Di dunia ini, setiap hal selalu
diatur oleh hukum alam. Alam menciptakan keteraturan agar segalanya mudah
dipahami. Melalui itu, suatu fenomena dapat diprediksi. Apabila tak ada gaya
yang mengangkat suatu benda, benda akan jatuh. Begitu juga fluida yang
alirannya dari tekanan tinggi ke tekanan rendah. Namun, hukum itu tak berlaku
di sini. Kau akan mendapati air mengalir dari bawah ke atas, seolah air terjun
yang terbalik.
Tempat ini ramai dikunjungi
orang. Mereka datang untuk merasakan kesegaran airnya atau sekedar menikmati
pesona yang hanya satu-satunya. Di antaranya adalah pepohonan yang tinggi, tempat
di mana kelelawar pulang ketika fajar menyingsing. Itulah alasan tempat ini
baru diketahui orang. Entah sudah berapa lama ia menyimpan pesonanya untuk
sendiri. Namun, seorang di antara mereka menolak pernyataan itu dengan berkata,
”Aku pernah melihatnya sebelum kalian menemukannya, tapi aku lebih memilih
untuk diam dan tak memberitahukannya kepada siapa pun. Aku memiliki alasan
untuk itu.”
Berjalan mondar-mandir adalah hal
yang ia lakukan ketika mereka menemukannya. Sesekali ia meremas kepalanya
sendiri. Sesekali terdengar brak!
yang keras dari pertemuan tinjunya dengan meja. Sesekali ia menggeram seperti
harimau. ”Teman-teman, ayolah, apa kalian punya ide?” tanyanya kepada dua orang
temannya yang mengelilingi meja.
Keduanya saling pandang. Sesekali
mereka menatap lembar peta raksasa di meja itu. Terdapat beberapa garis pensil
di sana. Garis-garis itu berpotongan di Pulau Jawa.
”Apakah kau benar-benar yakin
soal ini?” tanya salah satu temannya.
”Tentu saja. Aku meyakini
keberadaannya begitu lama dan kini muncul sesuatu yang berlawanan dengan hukum
yang biasanya kita kenal. Apa lagi penyebabnya kalau bukan itu?”
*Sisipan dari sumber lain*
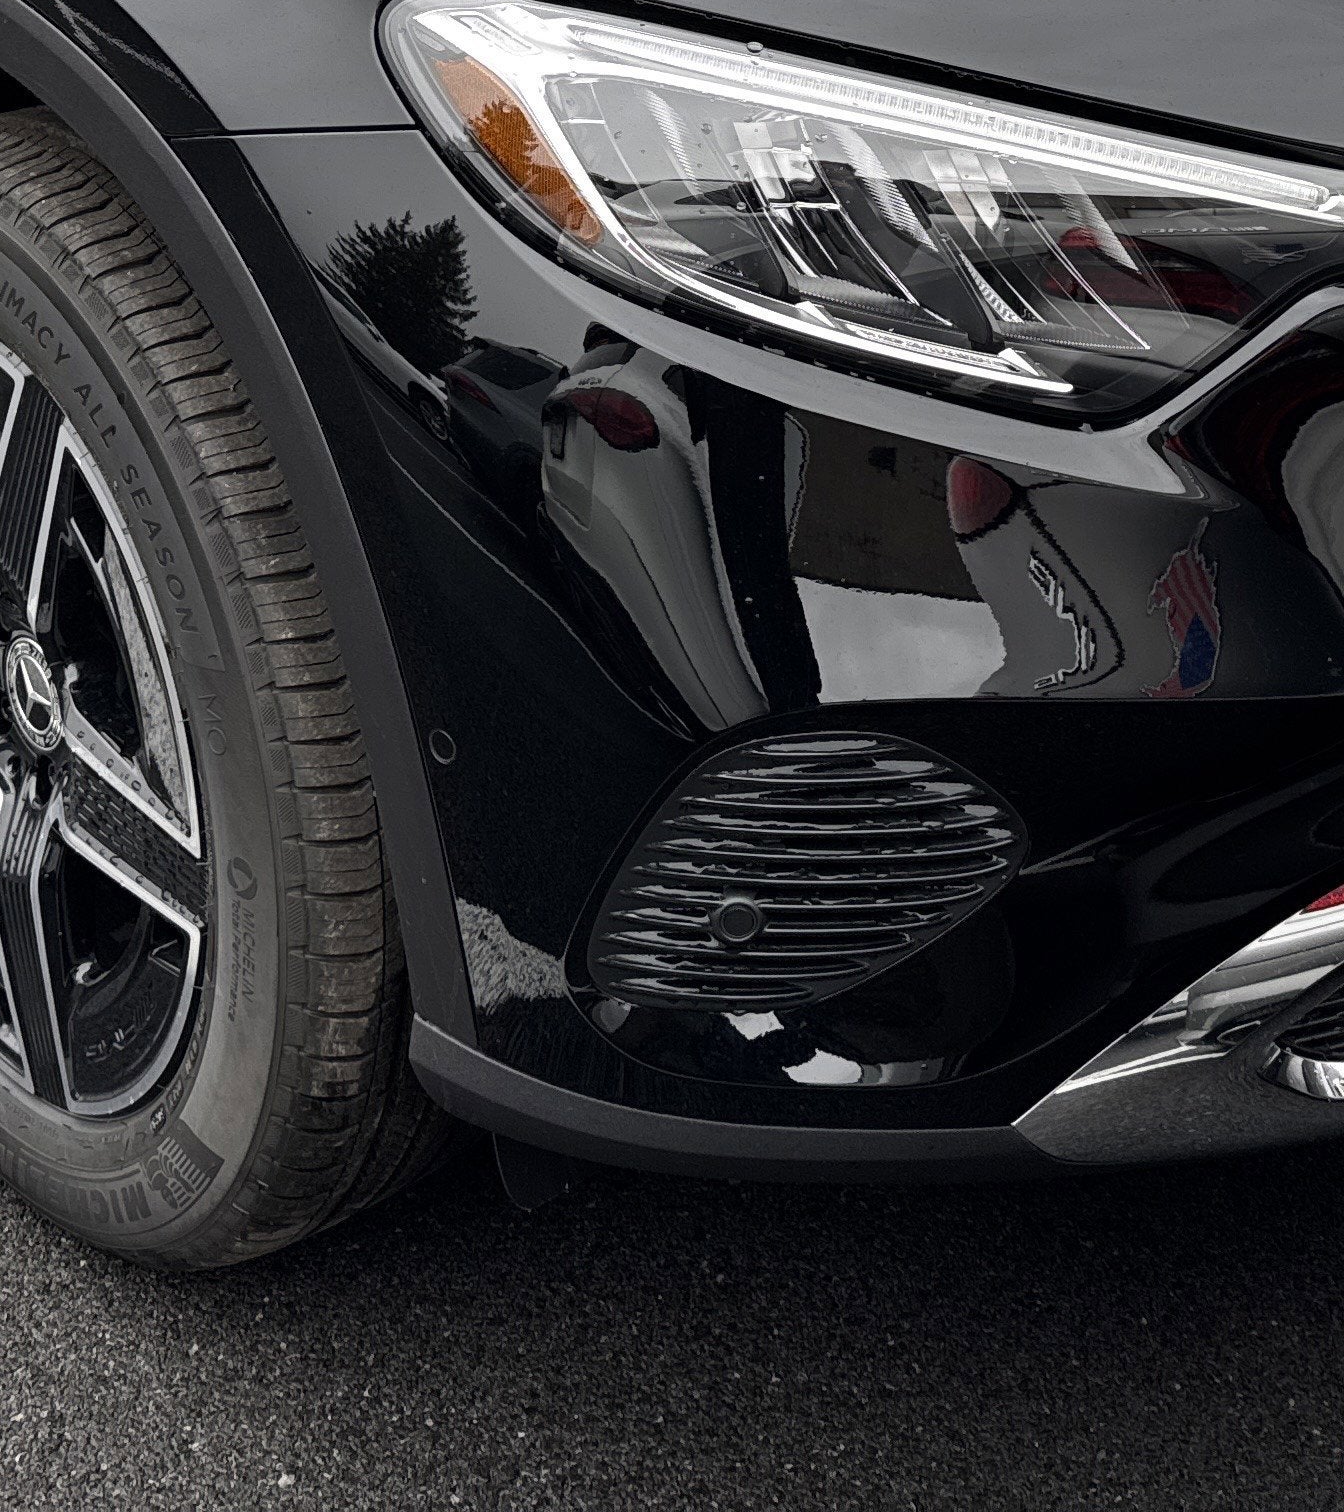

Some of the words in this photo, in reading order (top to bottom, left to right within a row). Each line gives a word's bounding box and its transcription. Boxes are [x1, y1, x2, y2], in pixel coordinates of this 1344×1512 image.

[73, 382, 116, 450] ALL
[120, 461, 196, 635] SEASON
[242, 907, 256, 1003] MICHELIN
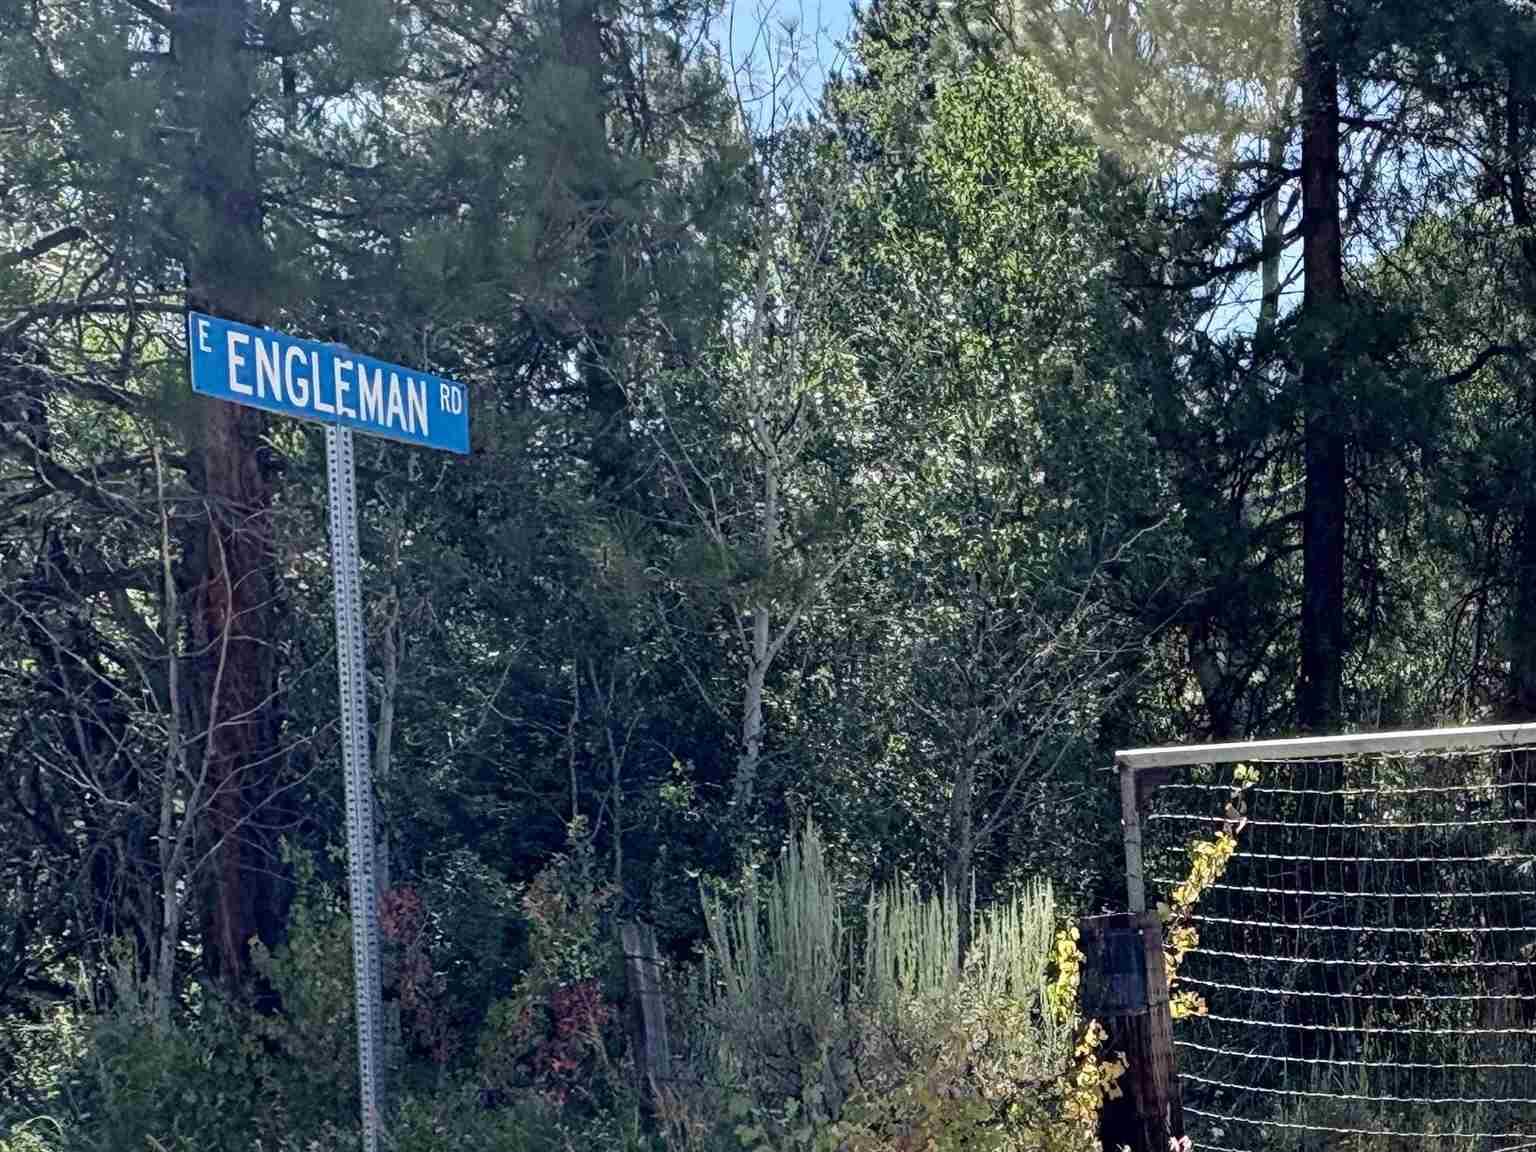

”Itu masih belum terlihat seperti
dunia kuantum.” kata temannya yang lain.
”Memang masih belum. Tapi, kalau
kekuatannya dibangkitkan, apa jadinya dunia ini? Tak seorang pun boleh
menemukannya.”
Hari semakin larut dan tak ada
kesimpulan dari pertemuan mereka. Ini memang masalah yang rumit. Apalagi, ia
pernah mengenal seseorang. Orang itu jauh lebih tua darinya yang baru diwisuda sarjana
seminggu yang lalu. Orang itu juga memiliki keyakinan, obsesi seperti dirinya.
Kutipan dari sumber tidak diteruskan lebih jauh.